With nearly 30 million Latinos eligible to vote, Democrats might want to emphasize the potential for Warren’s housing proposal to help not just black voters, but a Latino community struggling to climb into the middle class. On The Daily Friday, Jose A. Del Real of the New York Times observed that Latino voters are not as monolithic as both major parties treat them. Latinos “care about a lot more issue than they are being spoken to about.” Immigration is not the primary driver of their participation in elections. Like other Americans, they care about mental health, education for their kids, and paycheck issues. They care about building middle class lives for themselves.
Eric Levitz writes at New York magazine:
On the eve of the 2014 midterms, just 35 percent of Latino voters told Pew Research that they were paying “quite a lot” of attention to the upcoming elections; the latest Pew poll puts that figure at 52 percent. Meanwhile, 55 percent of Hispanic voters say they are “more enthusiastic” about voting in this year’s midterm than they have been in previous years.

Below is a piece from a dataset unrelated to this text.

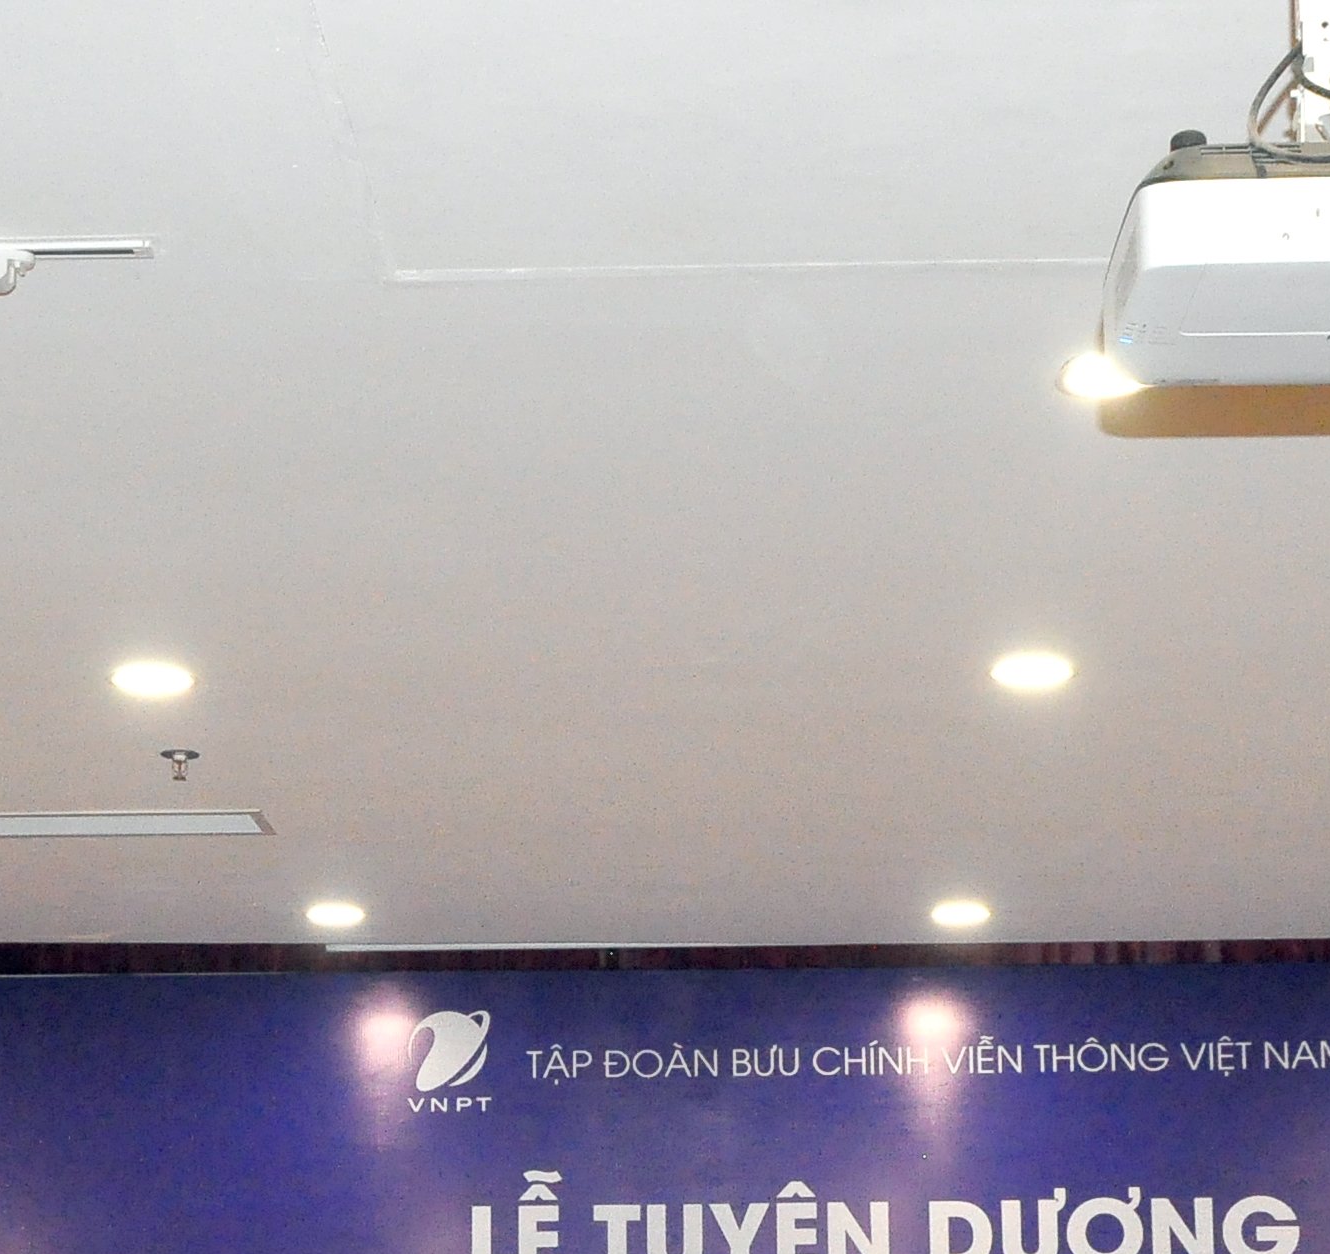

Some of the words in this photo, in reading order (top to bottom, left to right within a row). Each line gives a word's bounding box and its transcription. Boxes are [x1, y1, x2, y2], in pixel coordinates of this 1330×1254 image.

And only a small minority of those voters are excited to cast a ballot for the party of Trump. According to Pew’s data, two-thirds of Latino adults say the Trump administration’s policies have been harmful to Hispanics; half have serious concerns about their “place in American society” now that Trump is president (up from 41 percent in 2017); 55 percent say they are worried that either they, a family member, or friend could be deported; 69 percent disapprove of Donald Trump; and 63 percent of registered Latino voters prefer Democratic congressional candidates to Republican ones, up from 57 percent in 2014.

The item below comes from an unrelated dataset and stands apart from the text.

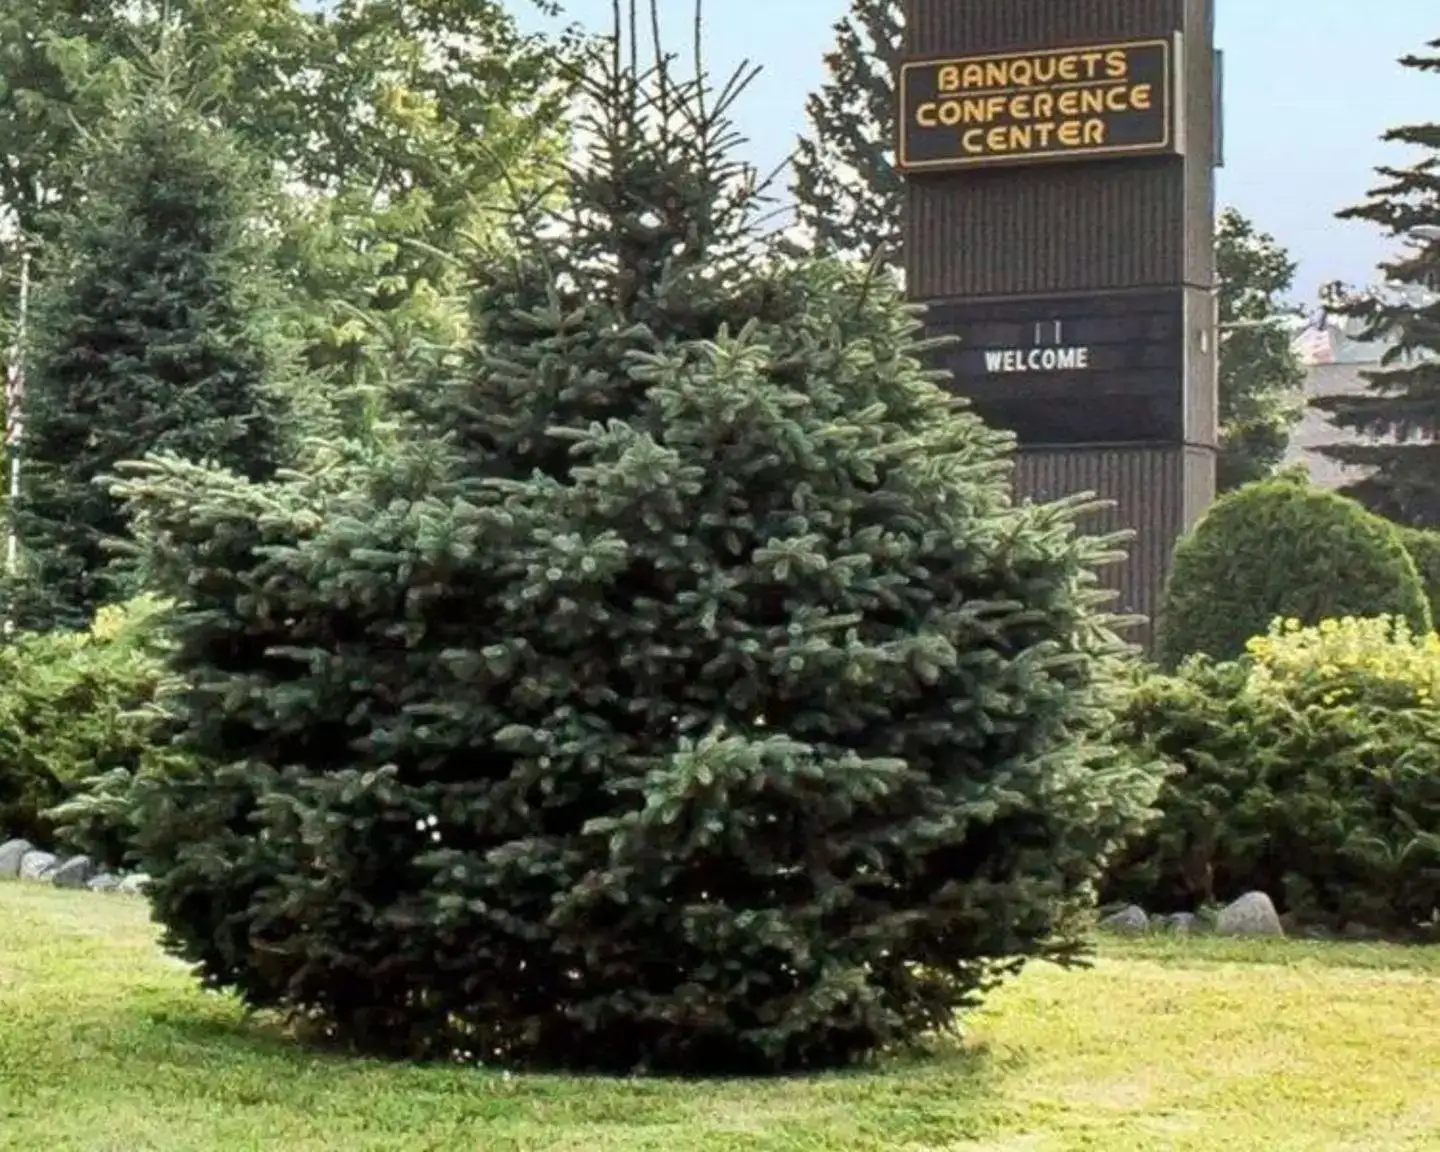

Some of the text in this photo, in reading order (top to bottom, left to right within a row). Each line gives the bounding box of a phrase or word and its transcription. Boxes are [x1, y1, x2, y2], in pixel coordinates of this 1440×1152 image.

[938, 51, 1127, 91] BANQUETS
[916, 84, 1151, 127] CONFERENCE
[962, 118, 1105, 153] CENTER
[985, 347, 1088, 372] WELCOME

The “Elizabeth Warren wing” of the Democratic Party might want to laser-focus on what having Democrats back in control might mean both for those Americans struggling to reach the middle class and for those hanging on for dear life. Pitching her American Housing and Economic Mobility Act as a way to help African-Americans left behind by the New Deal may not provide the clout she’ll need to pass it. For that, she and the Democrats will need to build a broader coalition.
“Around 60% of registered Latino voters nationwide are not even being contacted by these campaigns,” Del Real says. “And when they are, it’s largely focused on President Trump and his comments which didn’t motivate them to turn out in 2016, and about immigration policy which we’ve been hearing about for decades.”
Maybe they would rather hear about how Democrats will improve their lives?